Dataset Support

Included Datasets

Out of the box, the Nervana cloud already has support for the following, commonly used stock datasets:

  • cifar10 60,000 record 10 class image classification dataset
  • cifar100 60,000 record 100 class image classification dataset
  • housing 506 record tabular data giving prices and other attributes on houses in Boston.
  • flickr8k 8,000 image and associated multiple text caption dataset.
  • flick30k 31,783 images and 158,915 text caption dataset (extension of flickr8k)
  • mscoco 300,000 image dataset with object segmentation, classification, and textual caption information
  • iris 150 sample tabular data on 3 different species of flower.
  • mnist 60,000 record handwritten digit image dataset.
  • mobydick text content of the book Moby Dick.
  • pascal VOC 11,500 image dataset with annotated object classifications and segmentations.
  • librispeech 1000 hour english speech audio dataset.

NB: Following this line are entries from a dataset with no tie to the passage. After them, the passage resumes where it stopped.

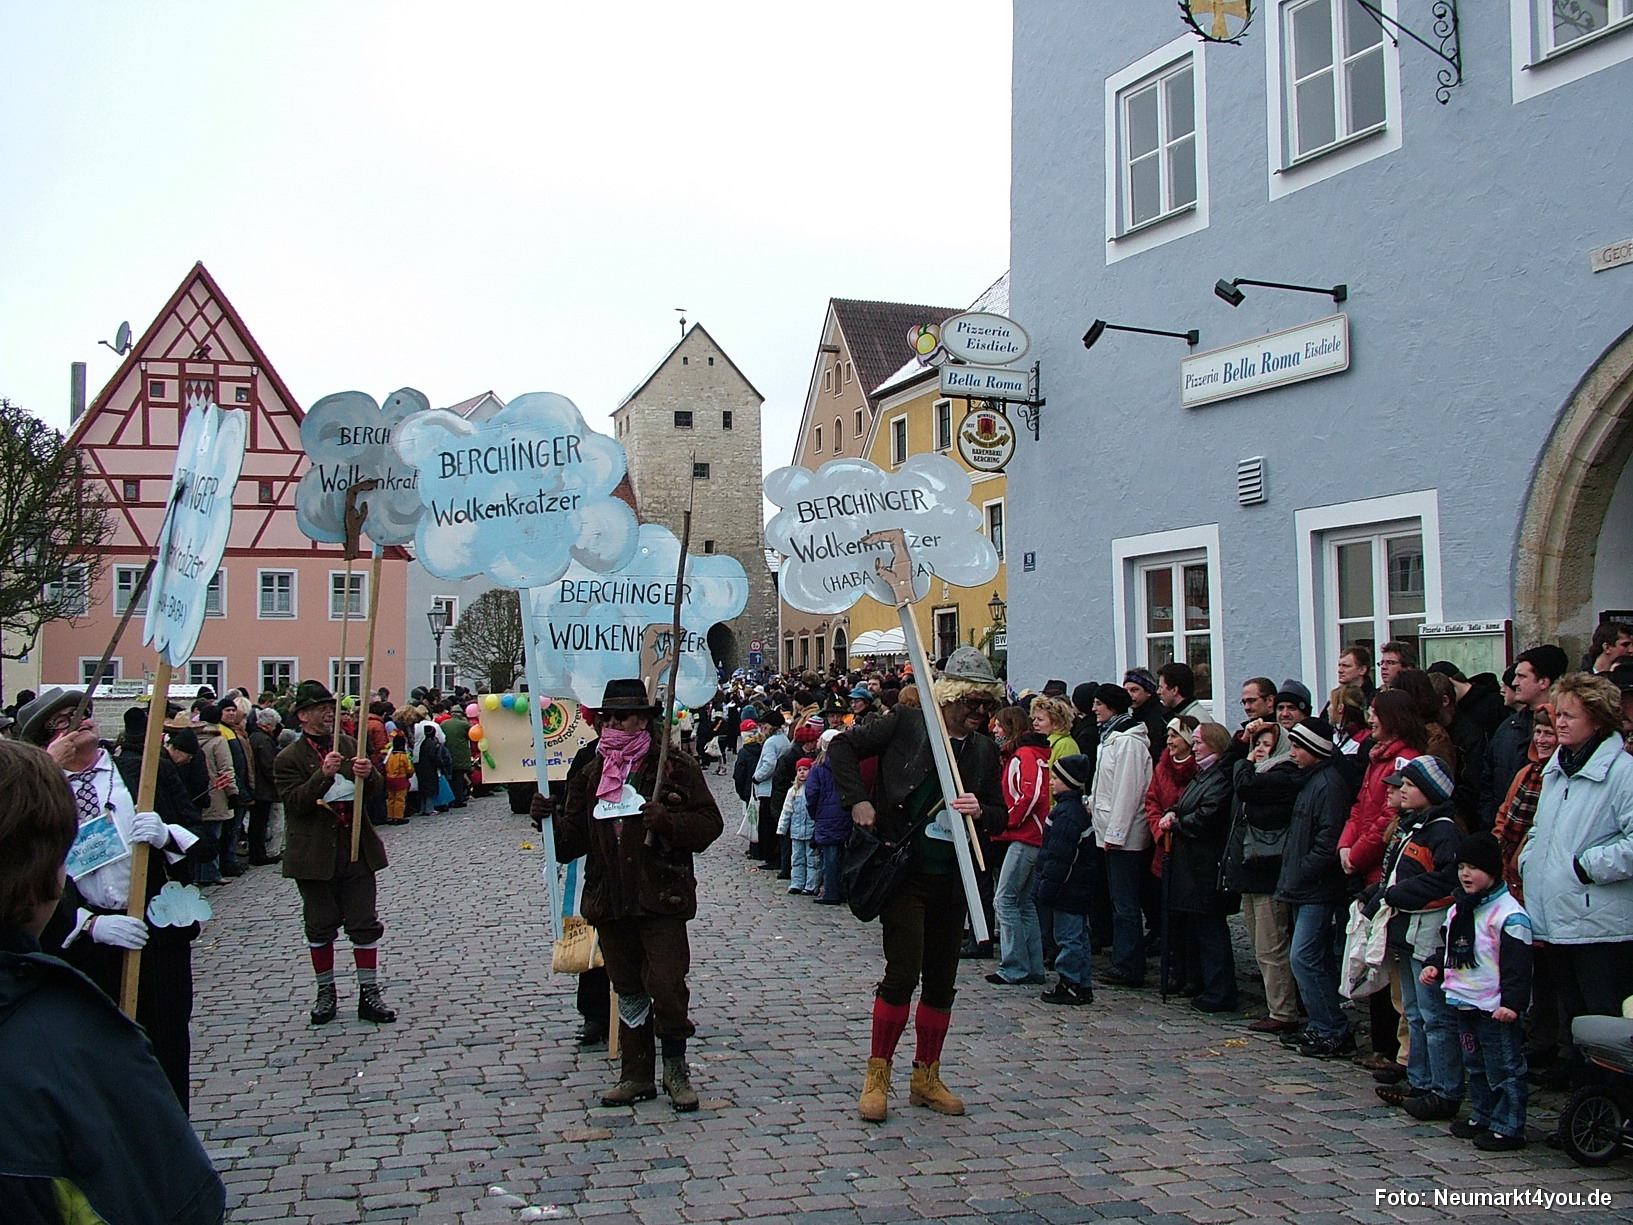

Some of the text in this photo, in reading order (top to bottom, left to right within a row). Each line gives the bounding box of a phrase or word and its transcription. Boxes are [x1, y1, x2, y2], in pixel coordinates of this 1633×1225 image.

[956, 321, 1010, 337] Pizzeria
[966, 337, 1019, 354] Eisdiele
[1185, 335, 1341, 390] Pizzeria Bella Roma Eisdiele
[947, 372, 1022, 391] Bella Roma
[336, 426, 392, 446] BERCH
[974, 456, 1000, 464] BERCHING

To use these datasets in your python script, you just need to load the associated class. For example: (X_train, y_train), (X_test, y_test), nclass = load_mnist(args.data_dir)

If you have already obtained a license to use the imagenet i1k dataset, please let us know and we can make that available for your tenant.

Custom Datasets

NOTE The following sections describe the use of dataset commands, however the datasets command line interface (ncloud dataset commands) has been disabled at this time. This functionality has been replaced by volume commands. Volume commands support all functionality provided by datasets, plus more. Users can still run training jobs against existing datasets.

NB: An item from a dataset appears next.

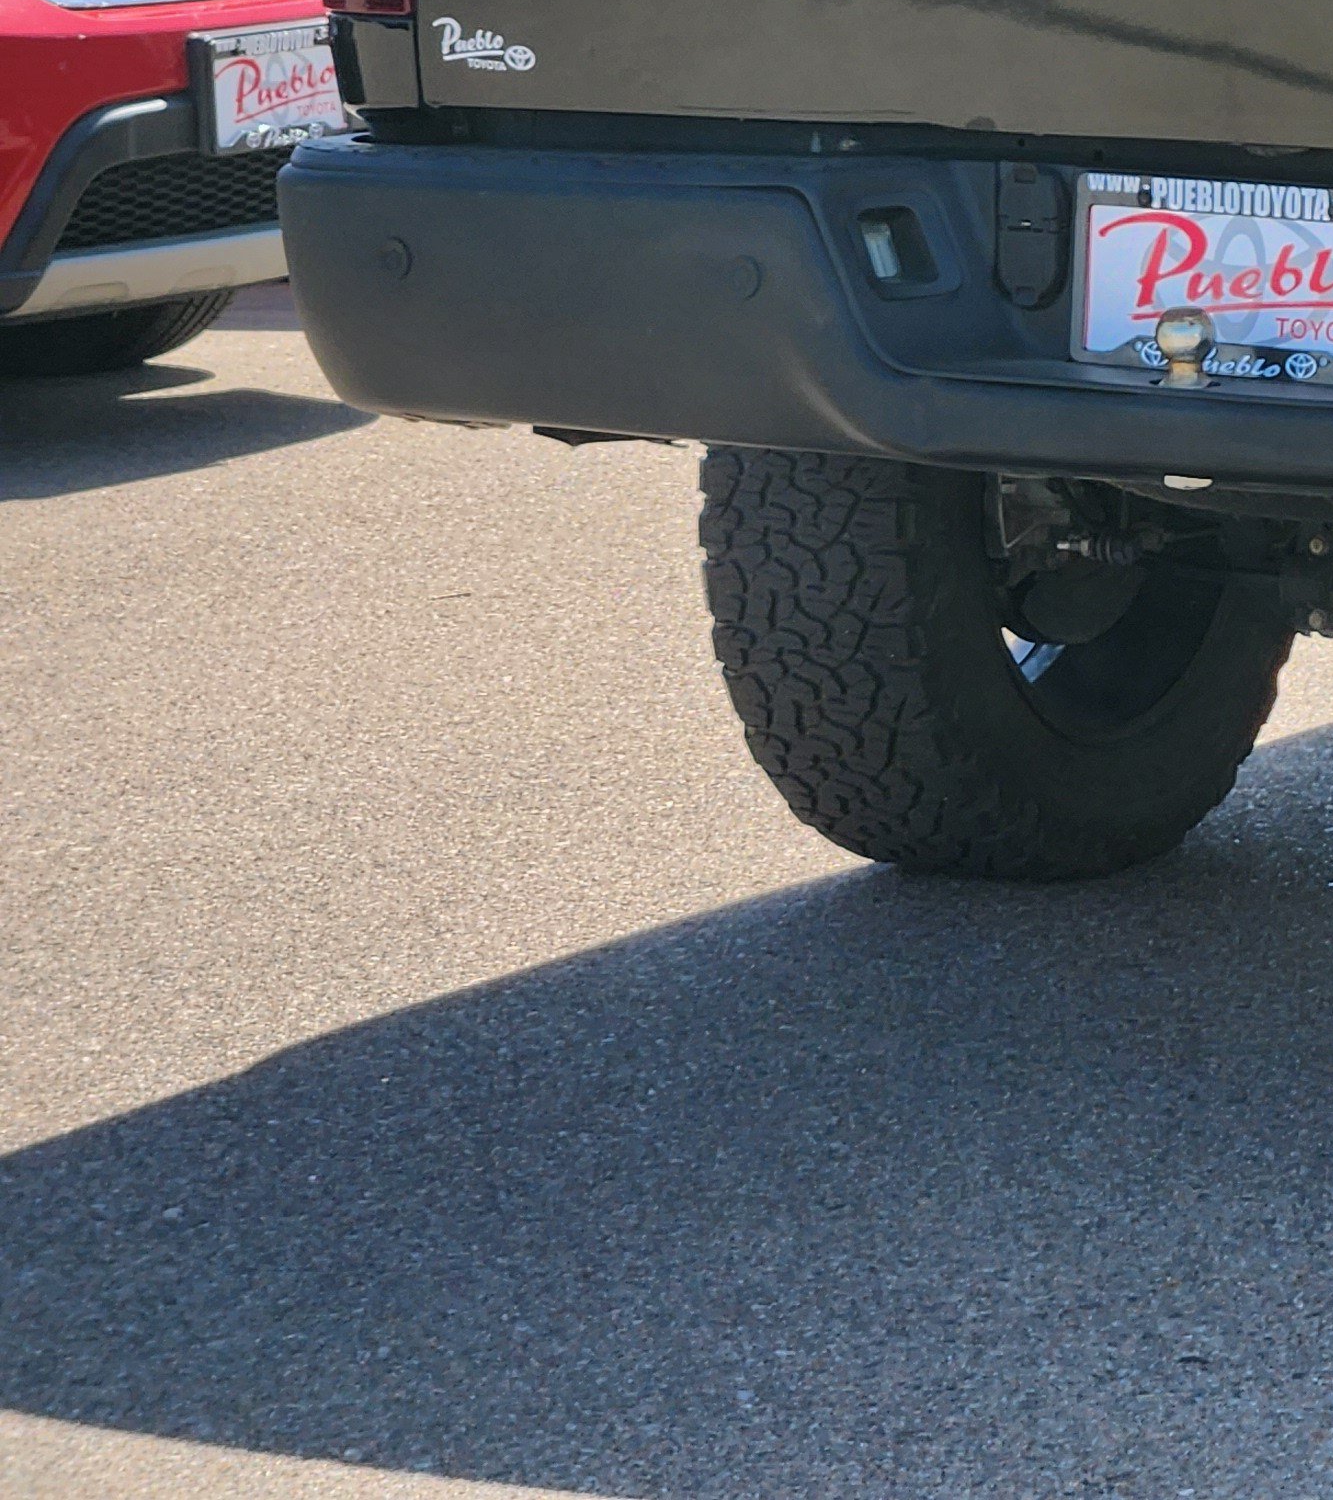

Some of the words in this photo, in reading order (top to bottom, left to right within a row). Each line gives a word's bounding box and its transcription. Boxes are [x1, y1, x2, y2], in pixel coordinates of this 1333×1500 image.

[432, 16, 504, 55] Pueblo
[466, 57, 507, 71] TOYOTA
[214, 57, 335, 115] Pueblo
[1202, 348, 1281, 378] ueblo

It is possible to use any data type in the cloud, but the expectation is that preprocessing and batching are handled by the user prior to uploading, or as part of the train script.

linking your S3 dataset bucket

NOTE: Dataset commands are disabled at this time; use volume commands.

Instead of having to use ncloud dataset upload to get your data into the Nervana cloud (a potentially time consuming process), if you already have your data on AWS, you can link your datasets so that they can be read directly via ncloud dataset link.

In order to facilitate this, you’ll first need to modify your S3 access policy as follows to grant the Nervana cloud read access to the bucket in which your dataset resides.

From AWS web UI, select S3, highlight the relevant bucket, then Properties -> Permissions -> Add Bucket Policy. Then paste in the following code snippet, replacing references to customer-bucket-name as appropriate.

{
    "Version": "2012-10-17",
    "Id": "Policy1458087577273",
    "Statement": [
        {
            "Sid": "Stmt1458087543219",
            "Effect": "Allow",
            "Principal": {
                "AWS": "arn:aws:iam::369948638977:user/helium-prod"
            },
            "Action": "s3:ListBucket",
            "Resource": "arn:aws:s3:::customer-bucket-name"
        },
        {
            "Sid": "Stmt1458087575474",
            "Effect": "Allow",
            "Principal": {
                "AWS": "arn:aws:iam::369948638977:user/helium-prod"
            },
            "Action": "s3:GetObject",
            "Resource": "arn:aws:s3:::customer-bucket-name/*"
        }
    ]
}

If your S3 bucket resides in a region other than us-west-1 (N. California), you will also need to specify that at linking time by passing the string name of the region via the --region flag to the ncloud dataset link command.